Within the charter school’s empty classrooms, the operators plan to set up a 17,120-square-foot cannabis growing operation, as well as a 500-square-foot manufacturing unit to extract oil from the plants, a retail dispensary and a lounge where cannabis can be consumed (though city officials say it cannot be smoked) on the premises.
From a permitting perspective, the company’s plan is unique, said Santa Rosa Senior Planner Kristinae Toomians, who has recommended the Planning Commission approve Old School Cannabis’ application.
Old School Cannabis could begin seeking cannabis licenses once the project is approved by the Planning Commission. Santa Rosa City Council would only weigh-in if neighbors filed an appeal, Toomians said.
At least a handful of Roseland residents are opposed to the project.
An informal group of neighborhood residents say they plan to speak against it, Thursday afternoon, before the Santa Rosa Planning Commission.
They may be joined by members of the Santa Rosa Junior College chapter of MEChA, a Latinx student advocacy organization, which posted to its Facebook page asking people to call in to the meeting to voice their opposition to the business.
According to the post, the proposal upset some members who were former students of Roseland University Prep, which once occupied the building where Rivera and Hunter hope to set up shop.
Through the group’s adviser, Rafael Vázquez, MEChA declined to comment, other than to say that representatives would attend Thursday’s Planning Commission meeting and speak before the commissioners.

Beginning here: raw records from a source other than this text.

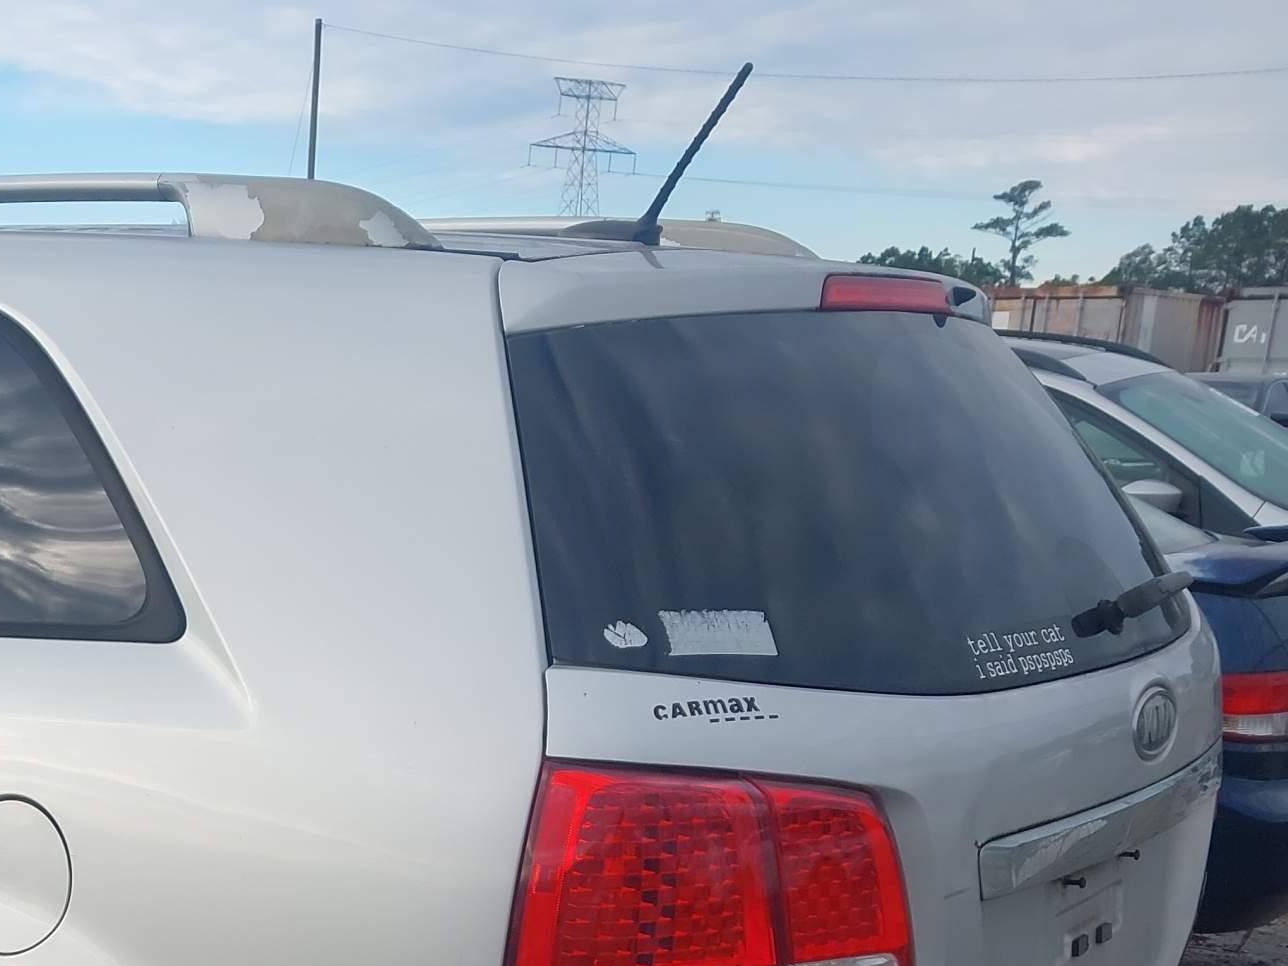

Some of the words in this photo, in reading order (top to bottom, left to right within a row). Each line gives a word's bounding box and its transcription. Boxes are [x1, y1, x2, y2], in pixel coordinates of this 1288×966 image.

[967, 632, 1002, 655] tell
[1003, 630, 1039, 652] your
[1041, 624, 1064, 643] cat
[975, 658, 986, 678] i
[987, 654, 1018, 677] said
[1019, 648, 1074, 674] pspspsps

Roseland residents who also plan to speak before the commission in opposition of the project, said they consider cannabis an undesirable industry, particularly in a neighborhood full of children and families.
They expressed frustration that a property, which was also considered as a possible permanent site for Roseland’s long-anticipated public library, would go to such a business.
“There’s residences around and that was a school for young people providing a healthy education,” said area resident Marisol Angeles, 46.
A cannabis dispensary could attract crime, she said, adding that it did not fit her image of Roseland as a family community.
“They always bring the worst to the community of Roseland,” said Concepcion Dominguez, 52, another area resident. “Why don’t they put it in Fountaingrove? Because there’s rich and powerful people who are going to oppose it there.”
Rivera said she and her colleagues canvassed the houses around the project’s proposed site and talked with neighbors to explain their plans.
“We are surrounded by a community and neighborhoods and so we really care about being a good neighbor,” she said, adding that the business has a 13-point “good neighbor policy” that includes having a bilingual community liaison on staff.
Rivera attributed fears that the business would attract crime or adversely affect the neighborhood’s youth to a lack of understanding about the legalized cannabis industry.
“It’s often stigmatized, especially in the Latino community,” she said, citing illicit narcotics trafficking and cartel violence in Latin America.
Rivera said she hopes Old School Cannabis can help to turn such views around by being a good neighbor and educating the community about cannabis as a legalized medicine.
"This is a plant that’s in our roots,” she added.